For each fixed $t \in \mathbb{R}$, \(\phi_n(t) \;=\; E\big[e^{it n^{-1/\alpha} S_n}\big] \;=\; \big(\phi(n^{-1/\alpha}t)\big)^n \;\longrightarrow\; e^{-|t|^\alpha} \quad \text{as } n\to\infty.\)
Proof.
By independence and identical distribution of ${X_i}$, \(\phi_n(t) = E\big[e^{it n^{-1/\alpha} S_n}\big] = E\left[\exp\!\left(it n^{-1/\alpha}\sum_{i=1}^n X_i\right)\right] = \prod_{i=1}^n E\big[e^{it n^{-1/\alpha} X_i}\big] = \big(\phi(n^{-1/\alpha}t)\big)^n.\)
For large enough $n$, we have $|n^{-1/\alpha}t|<1$, so the given formula for $\phi$ applies: \(\phi(n^{-1/\alpha}t) = \exp\Big(-|n^{-1/\alpha}t|^\alpha\big(1+|n^{-1/\alpha}t|\big)\Big) = \exp\Big(-n^{-1}|t|^\alpha\big(1+n^{-1/\alpha}|t|\big)\Big).\)
Therefore \(\phi_n(t) = \Big(\phi(n^{-1/\alpha}t)\Big)^n = \exp\Big( n\cdot\big[-n^{-1}|t|^\alpha(1+n^{-1/\alpha}|t|)\big] \Big) = \exp\Big(-|t|^\alpha\big(1+n^{-1/\alpha}|t|\big)\Big).\)
As $n\to\infty$, we have $n^{-1/\alpha}|t|\to 0$, hence \(\phi_n(t) \longrightarrow \exp(-|t|^\alpha) \equiv \phi_Y(t).\)
Conclusion.
The pointwise limit of the characteristic functions of $n^{-1/\alpha}S_n$ is \(\lim_{n\to\infty}\phi_n(t) = e^{-|t|^\alpha}.\)
Key Takeaways
- Scaling property of characteristic functions:
For $Y=cX$, $\phi_Y(t) = \phi_X(ct)$. - For sums of i.i.d. variables,
$\phi_{S_n}(t)=\big(\phi_X(t)\big)^n$. - Combine both:
$\phi_{n^{-1/\alpha}S_n}(t) = \left[\phi_X(n^{-1/\alpha}t)\right]^n$. - Then plug in the explicit form and let $n\to\infty$.
Part (b)
Claim.
There exists a random variable $Y$ with characteristic function \(\phi_Y(t) = e^{-|t|^\alpha}, \quad t\in\mathbb{R},\) such that \(n^{-1/\alpha}S_n \xrightarrow{d} Y.\)
Proof.
From part (a), for every fixed $t\in\mathbb{R}$, \(\phi_n(t) \longrightarrow \phi_Y(t) := e^{-|t|^\alpha}.\)

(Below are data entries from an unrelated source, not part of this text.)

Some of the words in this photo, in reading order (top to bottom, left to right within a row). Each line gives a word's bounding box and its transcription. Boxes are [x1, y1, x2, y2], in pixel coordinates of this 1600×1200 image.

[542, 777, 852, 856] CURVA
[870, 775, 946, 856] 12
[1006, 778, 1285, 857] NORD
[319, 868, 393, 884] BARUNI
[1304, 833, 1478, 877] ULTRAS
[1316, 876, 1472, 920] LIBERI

We now apply Lévy’s Continuity Theorem:
If $\phi_n(t)$ are characteristic functions of random variables $Z_n$ and
$\phi_n(t) \to \phi(t)$ pointwise, where $\phi$ is continuous at $t=0$ and $\phi(0)=1$,
then $\phi$ is a characteristic function of some $Y$, and $Z_n \xrightarrow{d} Y$.
Here:
- $\phi_n(t)$ is the c.f. of $Z_n := n^{-1/\alpha}S_n$.
-
The pointwise limit is $\phi_Y(t) = e^{- t ^\alpha}$. - $\phi_Y(0)=e^0=1$.
- $\phi_Y(t)$ is continuous at $0$ (in fact everywhere).

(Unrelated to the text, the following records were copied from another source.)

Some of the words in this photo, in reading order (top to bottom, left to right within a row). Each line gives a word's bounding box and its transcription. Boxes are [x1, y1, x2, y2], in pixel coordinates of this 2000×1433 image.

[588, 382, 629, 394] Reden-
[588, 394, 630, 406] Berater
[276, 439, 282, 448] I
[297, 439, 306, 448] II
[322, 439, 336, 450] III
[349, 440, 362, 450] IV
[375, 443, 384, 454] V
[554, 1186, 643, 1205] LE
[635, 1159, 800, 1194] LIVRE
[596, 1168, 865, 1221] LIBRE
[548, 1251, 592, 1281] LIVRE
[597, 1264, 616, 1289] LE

So by Lévy’s Continuity Theorem, there exists a random variable $Y$ with c.f. $e^{-|t|^\alpha}$, and \(n^{-1/\alpha}S_n \xrightarrow{d} Y.\)
Conclusion.
The normalized sums $n^{-1/\alpha}S_n$ converge in distribution to a random variable $Y$ whose characteristic function is $e^{-|t|^\alpha}$.
Key Takeaways
- Lévy Continuity Theorem is the standard tool to go from pointwise c.f. convergence to distributional convergence.

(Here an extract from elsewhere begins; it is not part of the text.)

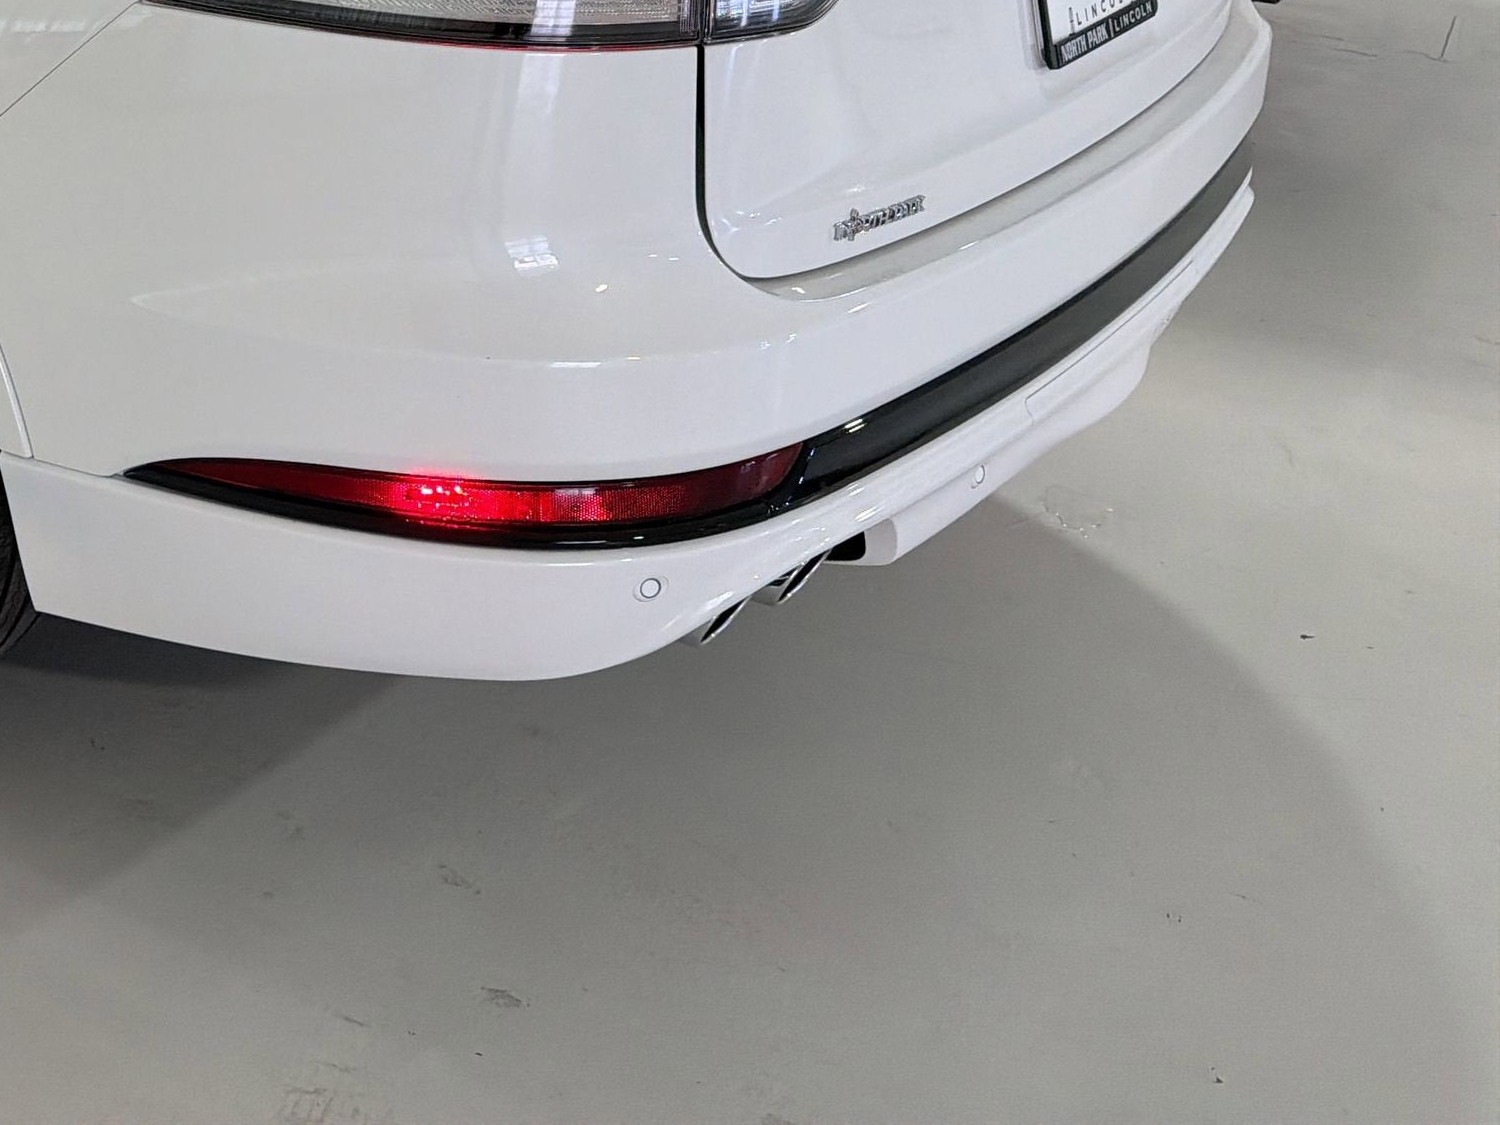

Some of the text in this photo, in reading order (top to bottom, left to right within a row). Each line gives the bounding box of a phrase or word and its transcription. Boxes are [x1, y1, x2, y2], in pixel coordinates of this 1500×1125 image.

- To apply it, you must check:
- pointwise limit exists,
- the limit function satisfies $\phi(0)=1$,
- the limit is continuous at 0.
- Once those conditions hold, no further tightness argument is needed; Lévy gives both existence of $Y$ and convergence in distribution.
Part (c)
Claim.
The limiting random variable $Y$ with c.f. $\phi_Y(t)=e^{-|t|^\alpha}$ has a continuous and bounded probability density function.
Proof.
We use a standard Fourier inversion / density existence criterion:
If a characteristic function $\phi$ is integrable, \(\int_{-\infty}^{\infty} |\phi(t)|\,dt < \infty,\) then the corresponding distribution has a bounded continuous density given by \(f(x) = \frac{1}{2\pi}\int_{-\infty}^{\infty} e^{-itx}\phi(t)\,dt.\)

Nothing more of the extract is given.